#### YOUR ASSIGNMENT:
The answer should be a faithful retyping of the records that follow, pictures excluded.

#### TASK INPUT:
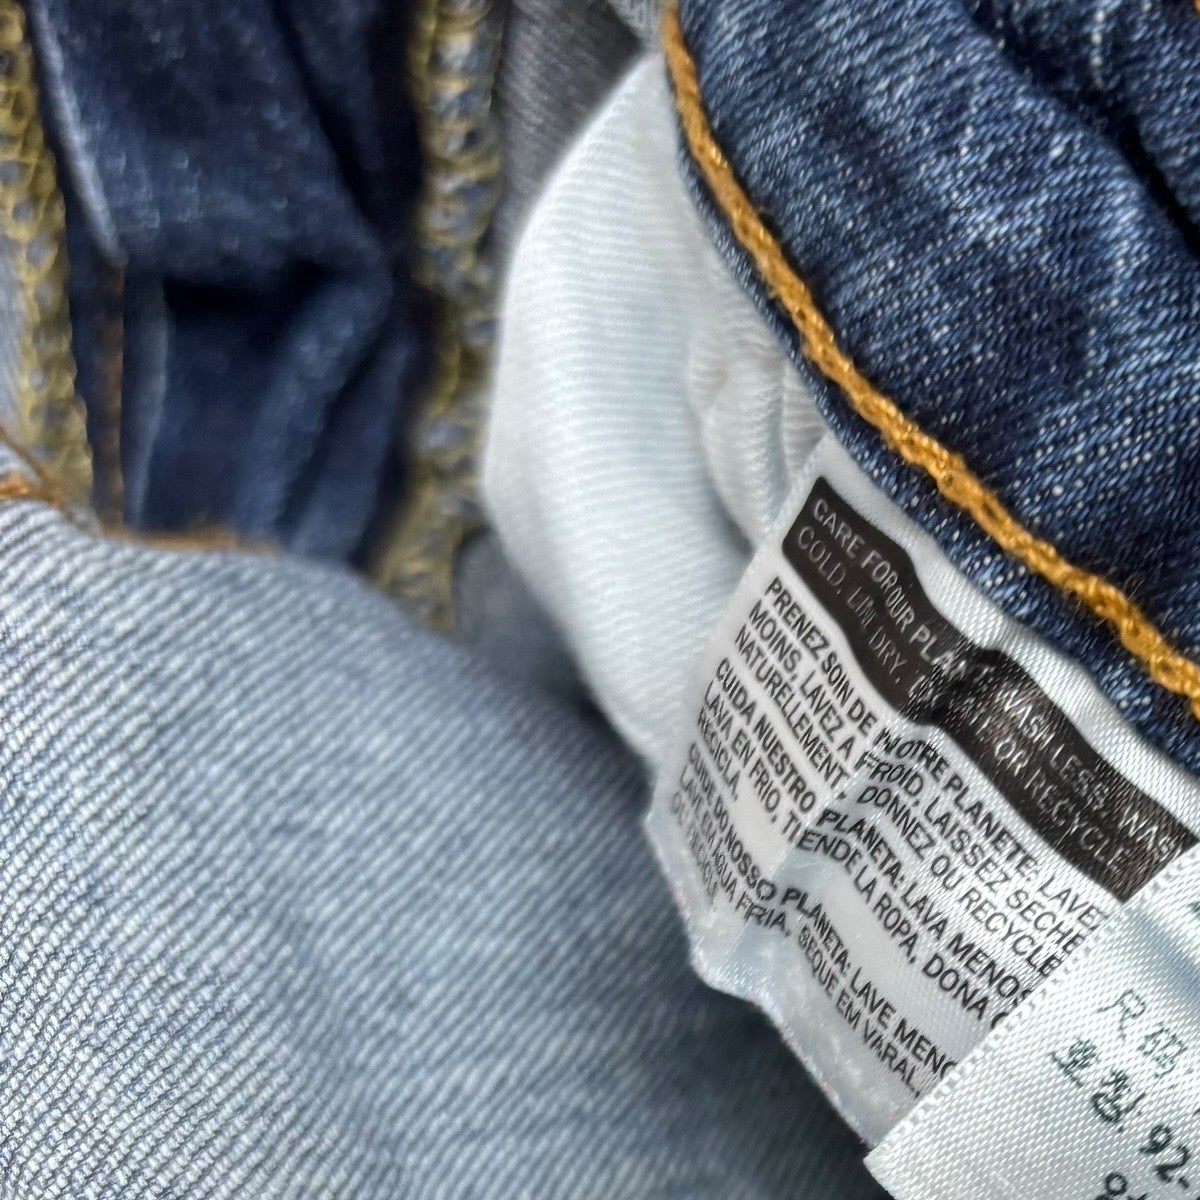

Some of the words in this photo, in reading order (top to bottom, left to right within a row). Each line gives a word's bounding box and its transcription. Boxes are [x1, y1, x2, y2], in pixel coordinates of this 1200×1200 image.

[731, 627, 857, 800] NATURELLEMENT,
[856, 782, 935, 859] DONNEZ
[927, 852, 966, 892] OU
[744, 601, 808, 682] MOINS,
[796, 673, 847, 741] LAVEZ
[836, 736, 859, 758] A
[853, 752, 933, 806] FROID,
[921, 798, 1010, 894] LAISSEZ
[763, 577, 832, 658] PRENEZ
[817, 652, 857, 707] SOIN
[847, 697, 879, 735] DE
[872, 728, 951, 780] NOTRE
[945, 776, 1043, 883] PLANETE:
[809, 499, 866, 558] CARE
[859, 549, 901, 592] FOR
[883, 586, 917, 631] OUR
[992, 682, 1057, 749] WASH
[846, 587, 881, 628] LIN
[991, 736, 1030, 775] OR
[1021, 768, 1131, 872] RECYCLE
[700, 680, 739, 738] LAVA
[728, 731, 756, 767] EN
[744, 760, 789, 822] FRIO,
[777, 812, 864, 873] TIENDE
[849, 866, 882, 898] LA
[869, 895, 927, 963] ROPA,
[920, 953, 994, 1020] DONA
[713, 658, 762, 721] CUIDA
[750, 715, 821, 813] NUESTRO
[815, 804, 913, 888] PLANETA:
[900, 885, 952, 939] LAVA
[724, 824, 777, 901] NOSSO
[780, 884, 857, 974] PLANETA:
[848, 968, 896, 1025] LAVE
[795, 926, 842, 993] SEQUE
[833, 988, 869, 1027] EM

#### TASK RESULT:
Some of the words in this photo, in reading order (top to bottom, left to right within a row). Each line gives a word's bounding box and its transcription. Boxes are [x1, y1, x2, y2], in pixel coordinates of this 1200×1200 image.

[731, 627, 857, 800] NATURELLEMENT,
[856, 782, 935, 859] DONNEZ
[927, 852, 966, 892] OU
[744, 601, 808, 682] MOINS,
[796, 673, 847, 741] LAVEZ
[836, 736, 859, 758] A
[853, 752, 933, 806] FROID,
[921, 798, 1010, 894] LAISSEZ
[763, 577, 832, 658] PRENEZ
[817, 652, 857, 707] SOIN
[847, 697, 879, 735] DE
[872, 728, 951, 780] NOTRE
[945, 776, 1043, 883] PLANETE:
[809, 499, 866, 558] CARE
[859, 549, 901, 592] FOR
[883, 586, 917, 631] OUR
[992, 682, 1057, 749] WASH
[846, 587, 881, 628] LIN
[991, 736, 1030, 775] OR
[1021, 768, 1131, 872] RECYCLE
[700, 680, 739, 738] LAVA
[728, 731, 756, 767] EN
[744, 760, 789, 822] FRIO,
[777, 812, 864, 873] TIENDE
[849, 866, 882, 898] LA
[869, 895, 927, 963] ROPA,
[920, 953, 994, 1020] DONA
[713, 658, 762, 721] CUIDA
[750, 715, 821, 813] NUESTRO
[815, 804, 913, 888] PLANETA:
[900, 885, 952, 939] LAVA
[724, 824, 777, 901] NOSSO
[780, 884, 857, 974] PLANETA:
[848, 968, 896, 1025] LAVE
[795, 926, 842, 993] SEQUE
[833, 988, 869, 1027] EM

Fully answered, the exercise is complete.